● **Directions for this task**: Copy out all of the data word for word. Omit every picture.

::::::::

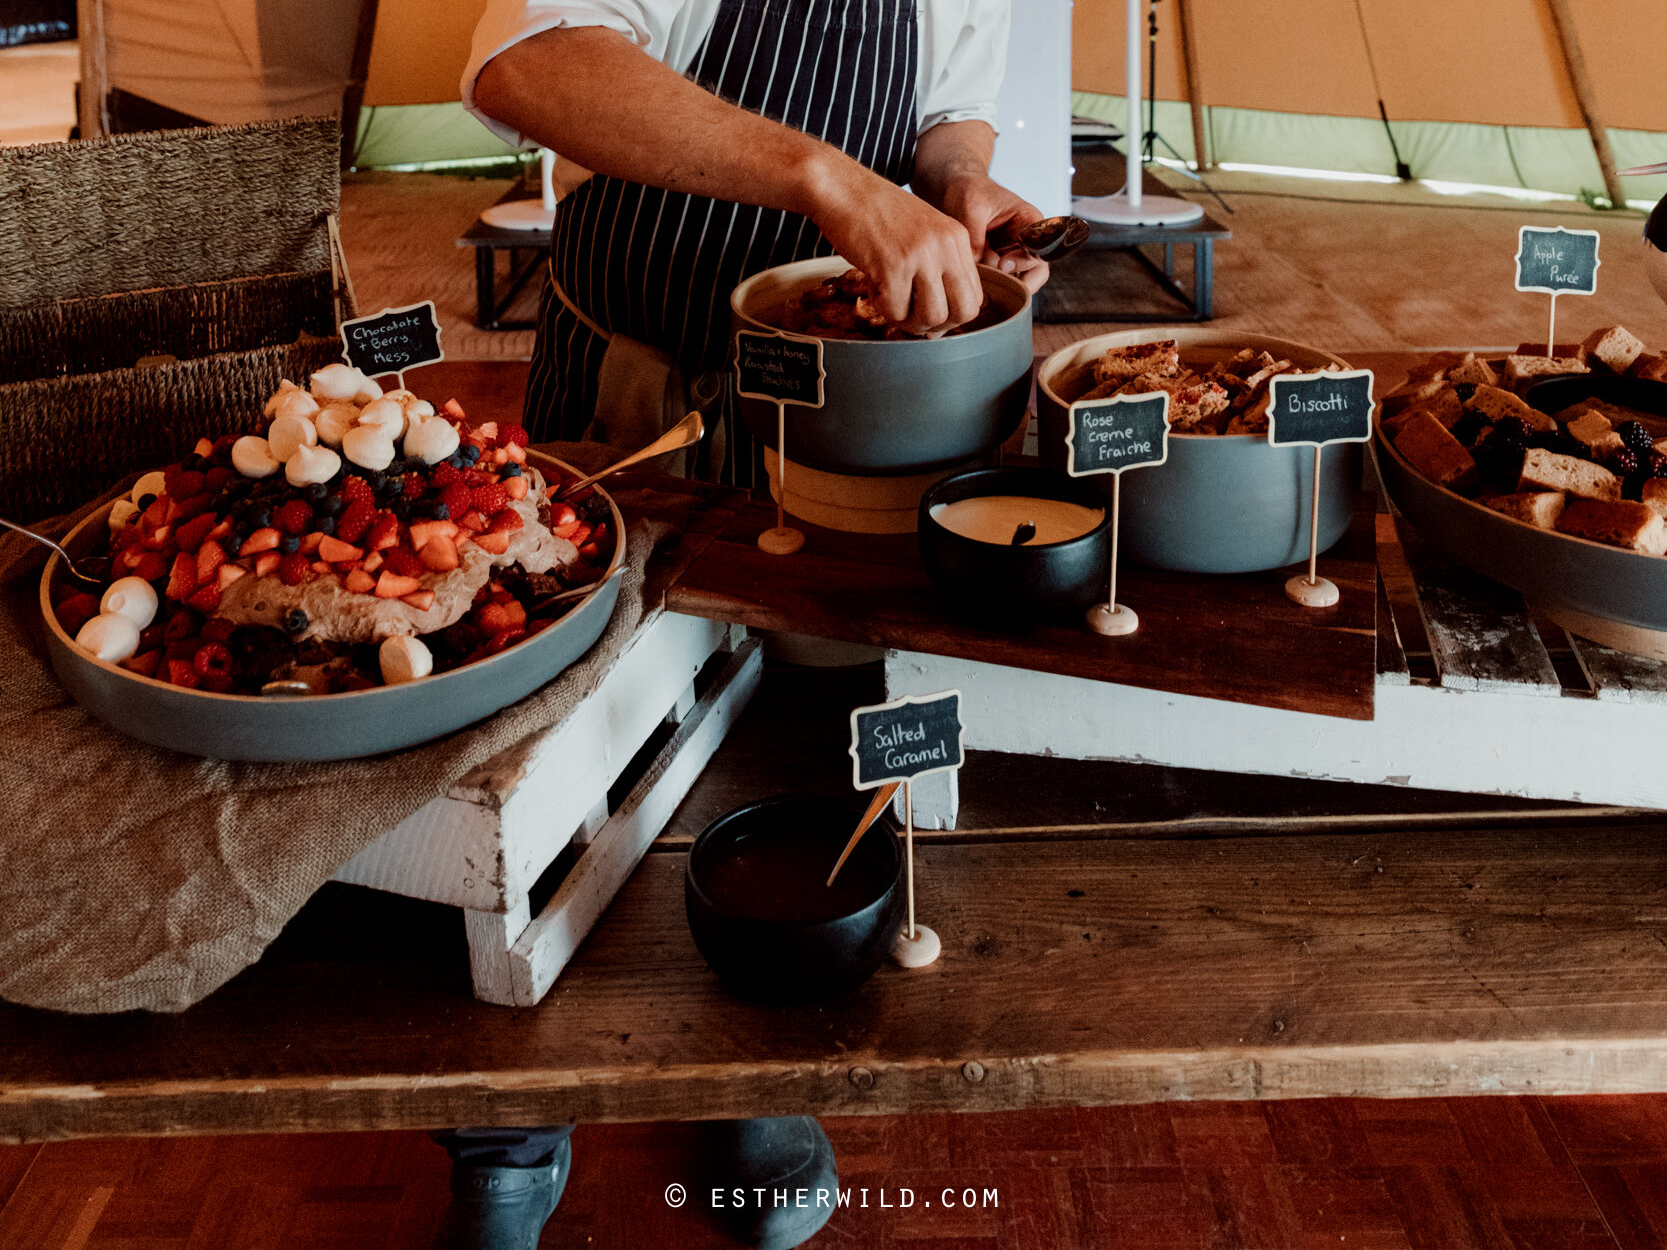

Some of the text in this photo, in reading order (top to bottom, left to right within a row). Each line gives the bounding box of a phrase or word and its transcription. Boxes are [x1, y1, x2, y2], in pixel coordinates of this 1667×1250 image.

[1534, 244, 1564, 265] Apple
[353, 316, 420, 339] Chocolate
[371, 334, 409, 349] Berry
[374, 351, 410, 363] Mess
[1288, 392, 1348, 413] Biscotti
[1082, 412, 1113, 428] Rose
[1099, 441, 1151, 460] Fraiche
[873, 722, 926, 749] Salted
[885, 739, 947, 769] Caramel
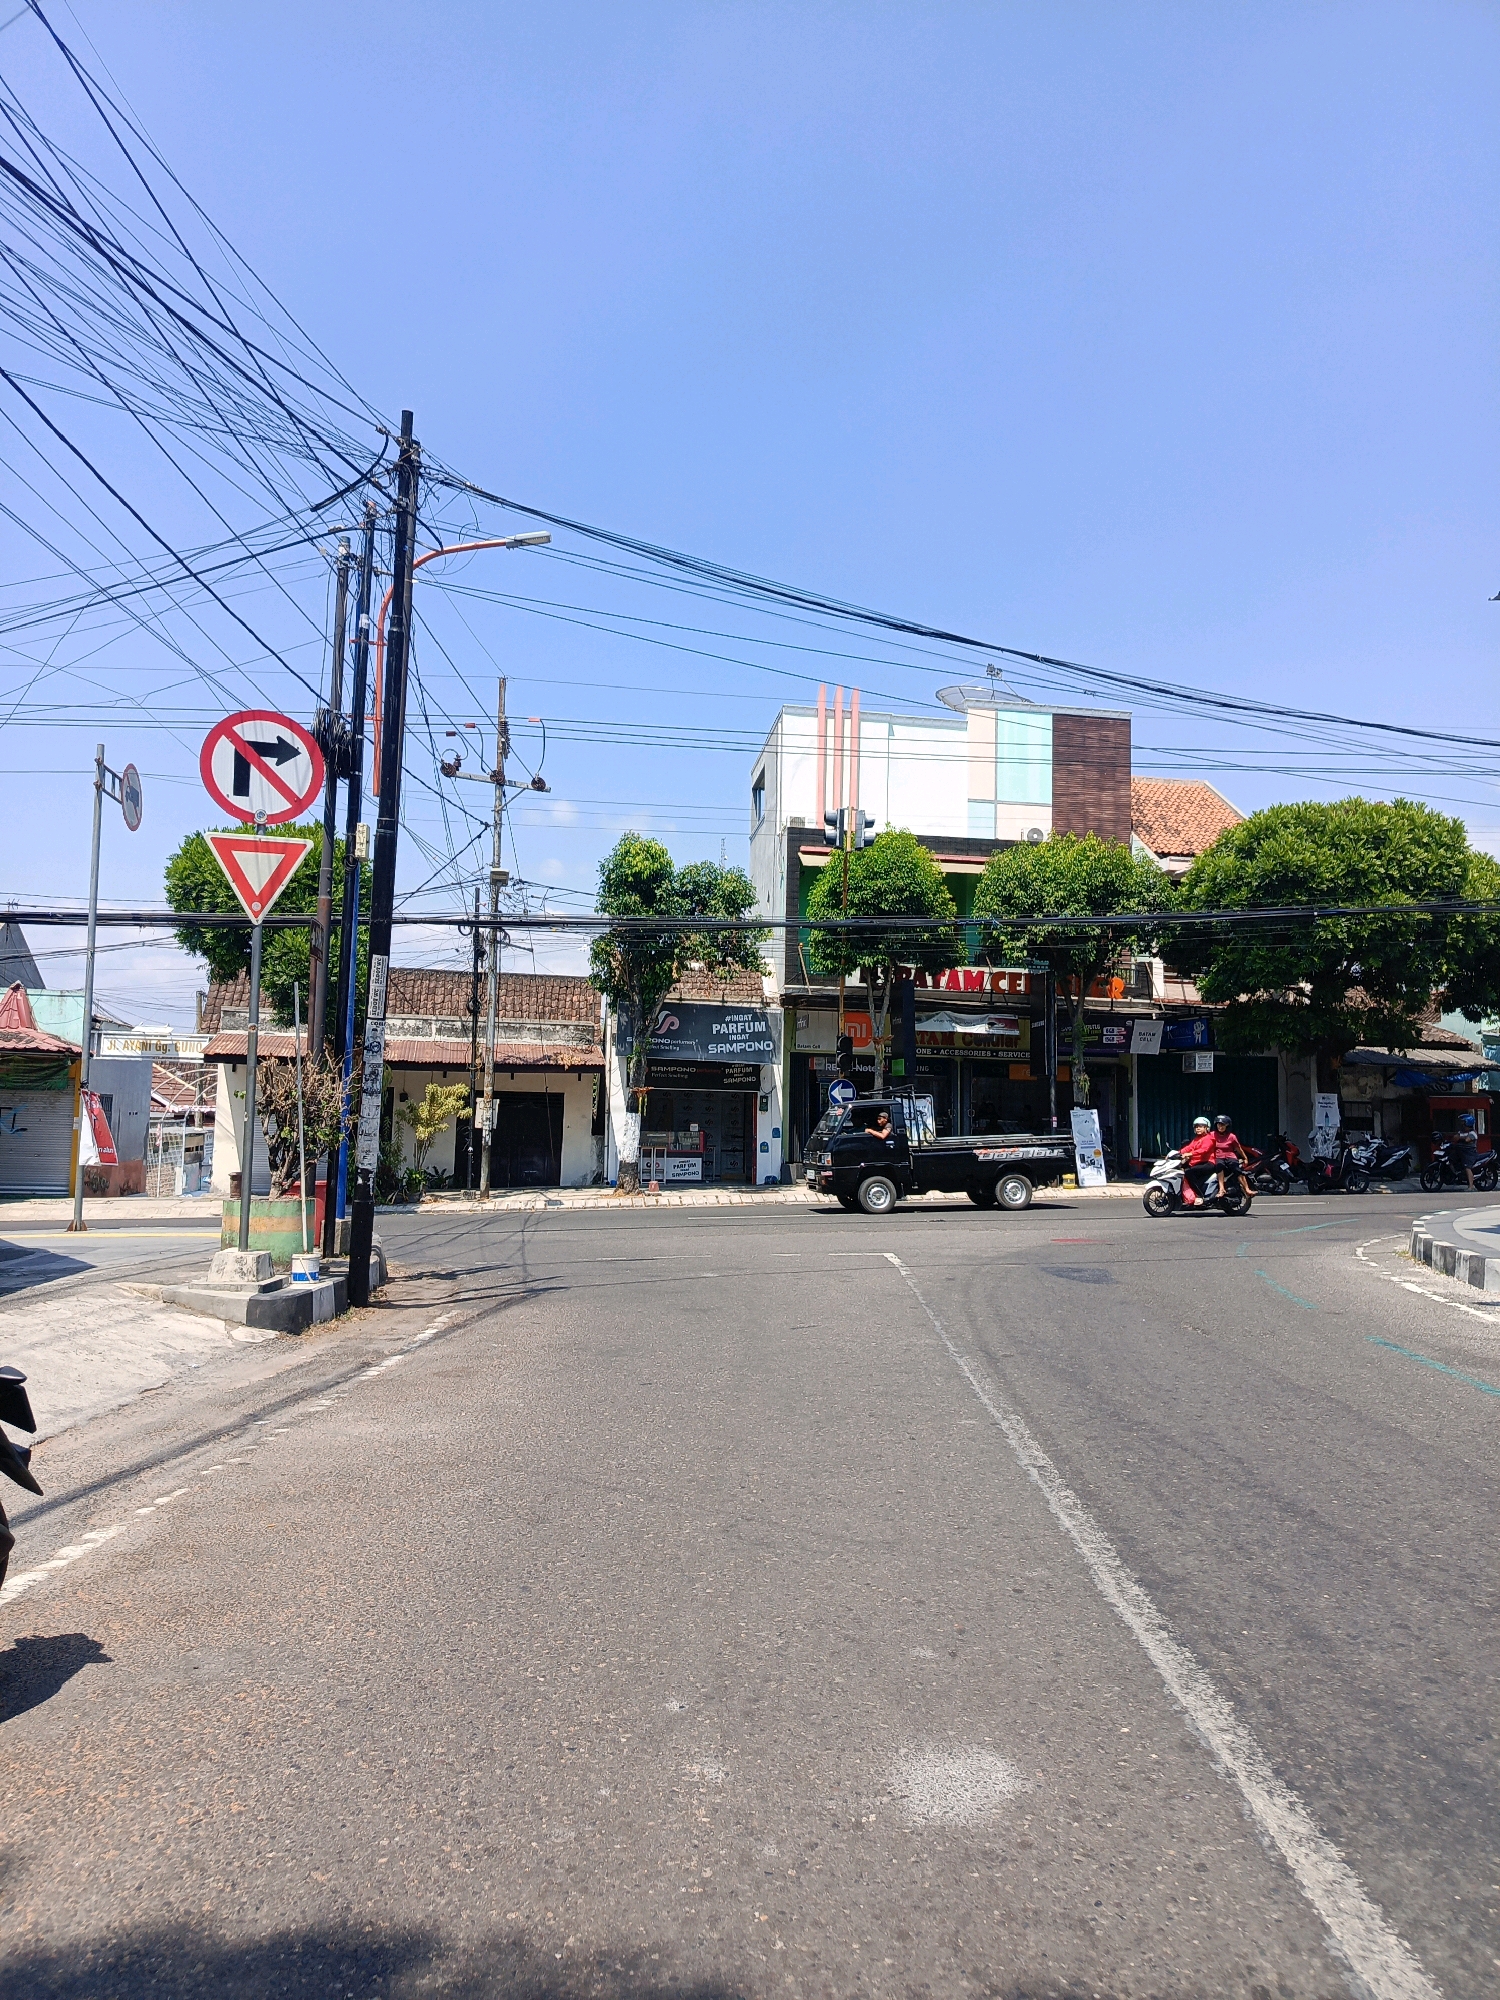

::::::::

● **Answer to this problem**:
Some of the text in this photo, in reading order (top to bottom, left to right within a row). Each line gives the bounding box of a phrase or word and its transcription. Boxes are [x1, y1, x2, y2], in pixel coordinates of this 1667×1250 image.

[1534, 244, 1564, 265] Apple
[353, 316, 420, 339] Chocolate
[371, 334, 409, 349] Berry
[374, 351, 410, 363] Mess
[1288, 392, 1348, 413] Biscotti
[1082, 412, 1113, 428] Rose
[1099, 441, 1151, 460] Fraiche
[873, 722, 926, 749] Salted
[885, 739, 947, 769] Caramel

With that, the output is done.